More than 40 environmental groups are calling for the state to once again require supermarkets to take bottle redemptions. They also want reusable shopping bags to be allowed in stores again.

Gov. Charlie Baker announced the ban on reusable shopping bags in March, put in place out of concern that they could be bringing in the virus and infecting workers. Baker also announced a suspension of all local bans on stores giving out plastic bags to customers. There's no state-wide ban on those bags, but a number of cities and towns have their own prohibitions.

The state has also stopped enforcing the state bottle bill, which requires markets to serve as redemption centers for bottles and cans. The primary goal there was mostly to free up workers to focus on the sudden surge in demand for groceries.

On Thursday, two months later, the environmental groups sent a letter to the heads of the state’s Department of Environmental Protection and Department of Public Health, saying it's time to reinstate the rules.
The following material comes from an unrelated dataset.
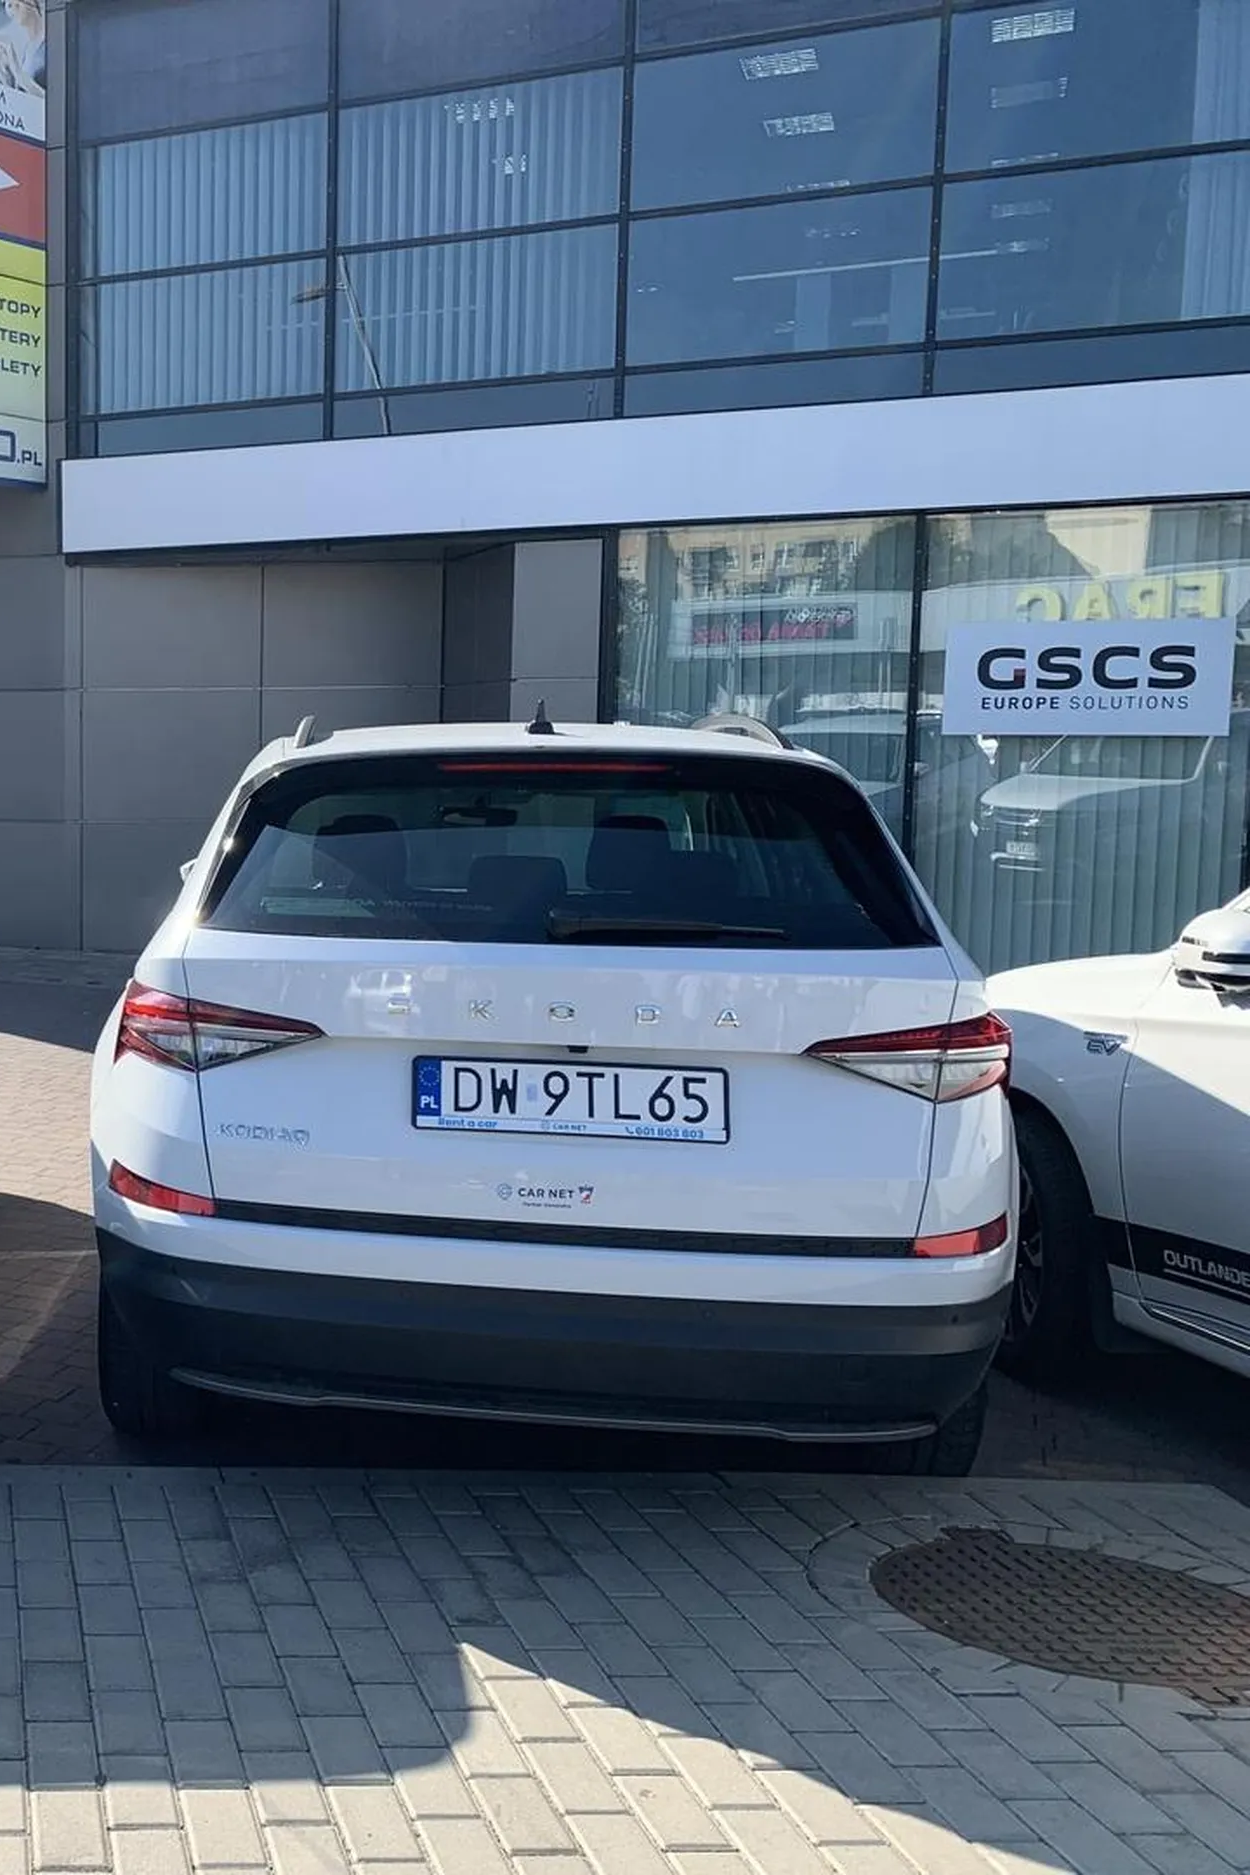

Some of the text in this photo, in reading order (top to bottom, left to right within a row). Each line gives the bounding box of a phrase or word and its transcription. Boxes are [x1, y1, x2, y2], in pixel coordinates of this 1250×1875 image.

"Now, we should be able to, number one, get back to business as usual and redeem those bottles and cans that people have stacked in their basements and in their garages,” said Kirstie Pecci of the Conservation Law Foundation’s Zero Waste Program. “And then, number two, we know that it's time to stop using single-use plastic. It's not protecting us from the virus."

Pecci said there are a range of environmental concerns about what happens to all those plastic bags. If the bags are put in single-stream recycling bins, they can foul up machines that sort recyclable material, significantly adding to the cost of recycling. And, she said, if redeemable bottles and cans are put in those bins, it also adds to the recycling expense for cities and towns.
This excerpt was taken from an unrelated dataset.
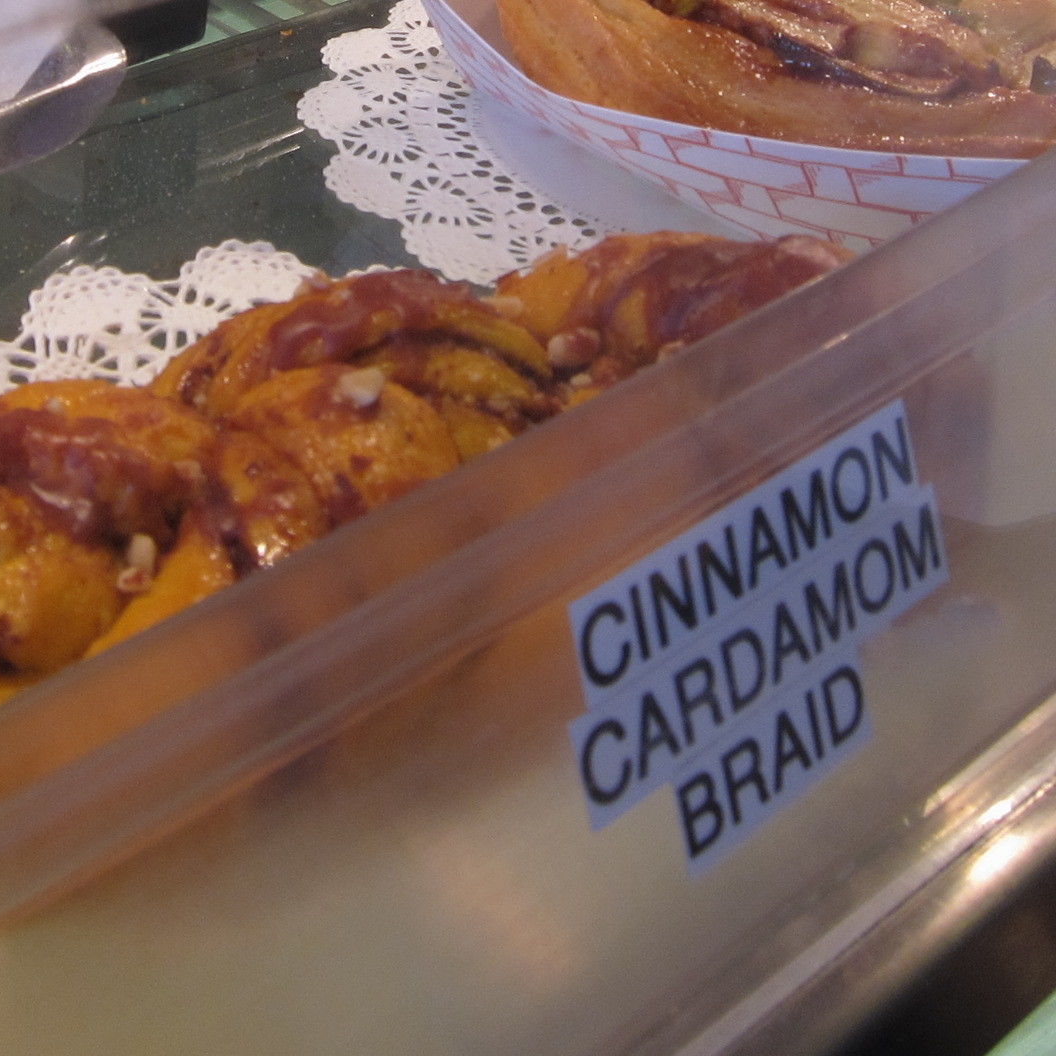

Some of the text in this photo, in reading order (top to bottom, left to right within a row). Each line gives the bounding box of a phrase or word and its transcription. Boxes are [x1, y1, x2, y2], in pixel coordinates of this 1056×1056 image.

[580, 417, 915, 688] CINNAMON
[580, 503, 941, 805] CARDAMOM
[676, 664, 864, 860] BRAID
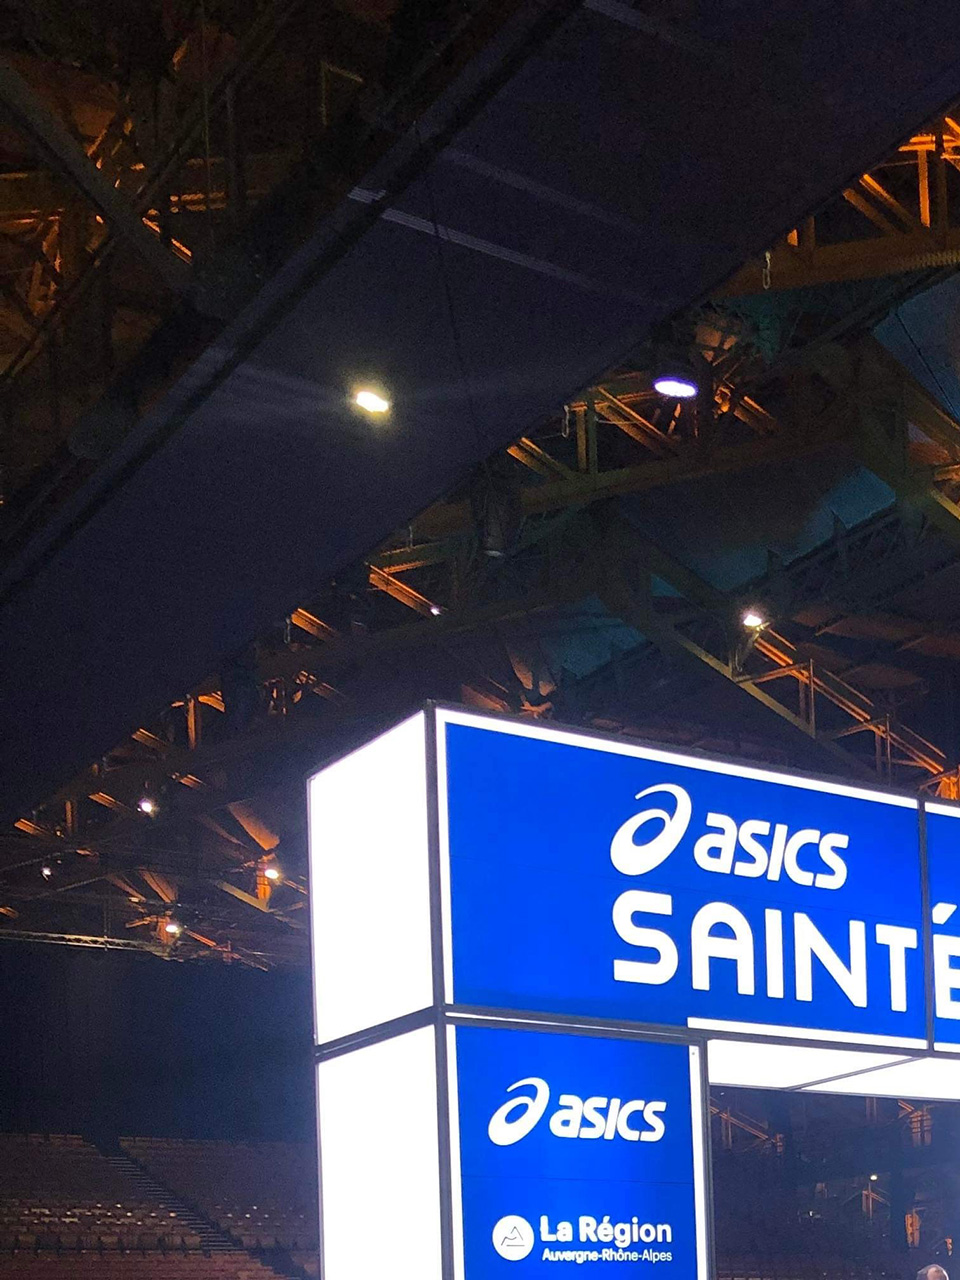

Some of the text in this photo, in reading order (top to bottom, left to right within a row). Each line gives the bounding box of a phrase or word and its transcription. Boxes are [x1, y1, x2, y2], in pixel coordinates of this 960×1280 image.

Brian Houghton of the Massachusetts Food Association, which represents the grocery industry, said he wants to see the bag and recycling policies kept in place.

"We feel this isn't really an environmental issue,” Houghton said. “It's a sanitary issue. It's a health issue."

Houghton said store workers are concerned about transmission from the virus both from reusable bags and from handling returned bottles and cans.

"If you can mitigate or minimize the exposure for the grocery store workers and for the customers for anything that could possibly be contaminated and carry this pandemic further," Houghton said, "why not do it all?"

Initially, little was known about how the virus spreads. But scientists now say there’s little chance of contracting the virus from a reusable shopping bag.

"All the data we have so far suggest it's a very small risk,” said Andrew Lover, an assistant professor of epidemiology at the School of Public Health and Health Sciences at UMass Amherst. “Not necessarily zero, but very small."

The biggest issue, Lover said, would be if a customer coughed or sneezed on their hands, and then grabbed a bag and handed it to an employee.

The state Department of Public Health said in a statement that the policy that people can't use reusable bags has not been rescinded. Baker's office didn’t respond to a call asking if and when that might be changed.

A spokesperson for the state Department of Environmental Protection said they are working on finalizing a plan to resume enforcement of the regulations requiring bottle and can redemptions. The statement said the department plans to include guidelines for redemptions to protect the safety of retail employees and the public.